Two-Dimensional Fourier Transform Ion Cyclotron Resonance Mass Spectrometry of N-Linked Glycopeptides.

Abstract

Glycosylation is a common modification across living organisms and plays a central role in understanding biological systems and disease. Our ability to probe the gylcome has grown exponentially in the past several decades. However, further improvements to the analytical toolbox available to researchers would allow for increased capabilities to probe structure and function of biological systems and to improve disease treatment. This article applies the developing technique of two-dimensional Fourier transform ion cyclotron resonance mass spectrometry to a glycoproteomic workflow for the standard glycoproteins coral tree lectin (CTL) and bovine ribonuclease B (BRB) to demonstrate its feasibility as a tool for glycoproteomic workflows. 2D infrared multiphoton dissociation and electron capture dissociation spectra of CTL reveal comparable structural information to their 1D counterparts, confirming the site of glycosylation and monosaccharide composition of the glycan.
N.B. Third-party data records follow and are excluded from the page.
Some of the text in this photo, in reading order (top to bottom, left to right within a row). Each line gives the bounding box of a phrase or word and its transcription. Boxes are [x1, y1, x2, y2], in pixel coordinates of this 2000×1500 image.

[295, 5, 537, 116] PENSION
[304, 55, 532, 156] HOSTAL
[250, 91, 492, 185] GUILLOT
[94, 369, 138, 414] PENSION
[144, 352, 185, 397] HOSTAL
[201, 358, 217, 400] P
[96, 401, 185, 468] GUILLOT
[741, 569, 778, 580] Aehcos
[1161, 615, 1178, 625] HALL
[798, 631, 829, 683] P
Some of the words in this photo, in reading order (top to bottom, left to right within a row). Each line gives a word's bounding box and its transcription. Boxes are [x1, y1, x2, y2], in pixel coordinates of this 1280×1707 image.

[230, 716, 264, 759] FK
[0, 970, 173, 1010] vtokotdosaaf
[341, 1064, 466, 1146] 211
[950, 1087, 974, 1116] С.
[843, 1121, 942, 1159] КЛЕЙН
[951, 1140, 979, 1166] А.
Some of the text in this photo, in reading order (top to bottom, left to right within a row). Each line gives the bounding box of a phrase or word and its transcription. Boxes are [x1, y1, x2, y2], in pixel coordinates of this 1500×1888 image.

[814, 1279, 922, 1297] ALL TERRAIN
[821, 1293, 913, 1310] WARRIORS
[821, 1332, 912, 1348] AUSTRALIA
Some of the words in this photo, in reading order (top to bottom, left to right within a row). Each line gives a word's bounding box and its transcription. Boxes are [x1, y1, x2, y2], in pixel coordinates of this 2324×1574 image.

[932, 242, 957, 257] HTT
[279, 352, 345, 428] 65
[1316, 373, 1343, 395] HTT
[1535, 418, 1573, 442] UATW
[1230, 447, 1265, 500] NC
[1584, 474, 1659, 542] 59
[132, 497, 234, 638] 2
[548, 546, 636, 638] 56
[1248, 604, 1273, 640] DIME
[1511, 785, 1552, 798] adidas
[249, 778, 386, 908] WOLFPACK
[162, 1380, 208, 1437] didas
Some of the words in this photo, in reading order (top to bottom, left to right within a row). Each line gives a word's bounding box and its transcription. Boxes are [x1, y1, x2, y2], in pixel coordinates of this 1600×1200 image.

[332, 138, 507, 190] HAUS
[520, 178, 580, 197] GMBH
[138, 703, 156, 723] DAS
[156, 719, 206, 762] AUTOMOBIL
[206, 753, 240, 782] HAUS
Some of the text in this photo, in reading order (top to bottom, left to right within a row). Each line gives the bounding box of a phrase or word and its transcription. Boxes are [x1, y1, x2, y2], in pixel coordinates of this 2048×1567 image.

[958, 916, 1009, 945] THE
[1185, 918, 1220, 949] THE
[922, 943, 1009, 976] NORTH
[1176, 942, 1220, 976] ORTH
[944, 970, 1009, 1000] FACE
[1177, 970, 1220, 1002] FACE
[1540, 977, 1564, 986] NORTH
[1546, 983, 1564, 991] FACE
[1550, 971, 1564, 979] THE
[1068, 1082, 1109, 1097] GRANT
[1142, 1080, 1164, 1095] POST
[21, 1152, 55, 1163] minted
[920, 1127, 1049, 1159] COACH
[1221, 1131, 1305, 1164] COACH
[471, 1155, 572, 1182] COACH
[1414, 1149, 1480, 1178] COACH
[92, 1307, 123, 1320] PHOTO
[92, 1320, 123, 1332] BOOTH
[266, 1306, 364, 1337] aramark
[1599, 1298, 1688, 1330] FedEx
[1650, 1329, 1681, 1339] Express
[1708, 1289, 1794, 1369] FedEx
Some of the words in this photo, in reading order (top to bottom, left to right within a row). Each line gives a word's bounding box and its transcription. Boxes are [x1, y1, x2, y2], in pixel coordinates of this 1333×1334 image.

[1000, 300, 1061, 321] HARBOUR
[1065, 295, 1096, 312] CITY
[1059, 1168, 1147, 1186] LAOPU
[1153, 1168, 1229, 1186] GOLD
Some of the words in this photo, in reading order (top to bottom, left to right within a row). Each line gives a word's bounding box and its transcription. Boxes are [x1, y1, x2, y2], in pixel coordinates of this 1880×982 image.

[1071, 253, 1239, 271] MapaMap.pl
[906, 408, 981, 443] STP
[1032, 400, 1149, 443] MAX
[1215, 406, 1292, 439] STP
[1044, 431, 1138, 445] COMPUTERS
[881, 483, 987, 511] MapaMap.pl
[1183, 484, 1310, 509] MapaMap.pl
Spectra collected in 2D of BRB reveal correlation lines of fragment ion scans and vertical precursor ion scans for data collected using infrared multiphoton dissociation and diagonal cleavage lines for data collected by electron capture dissociation. The use of similar techniques for glycoproteomic analysis may prove valuable in instances where chromatographic separation is undesirable or quadrupole isolation is insufficient.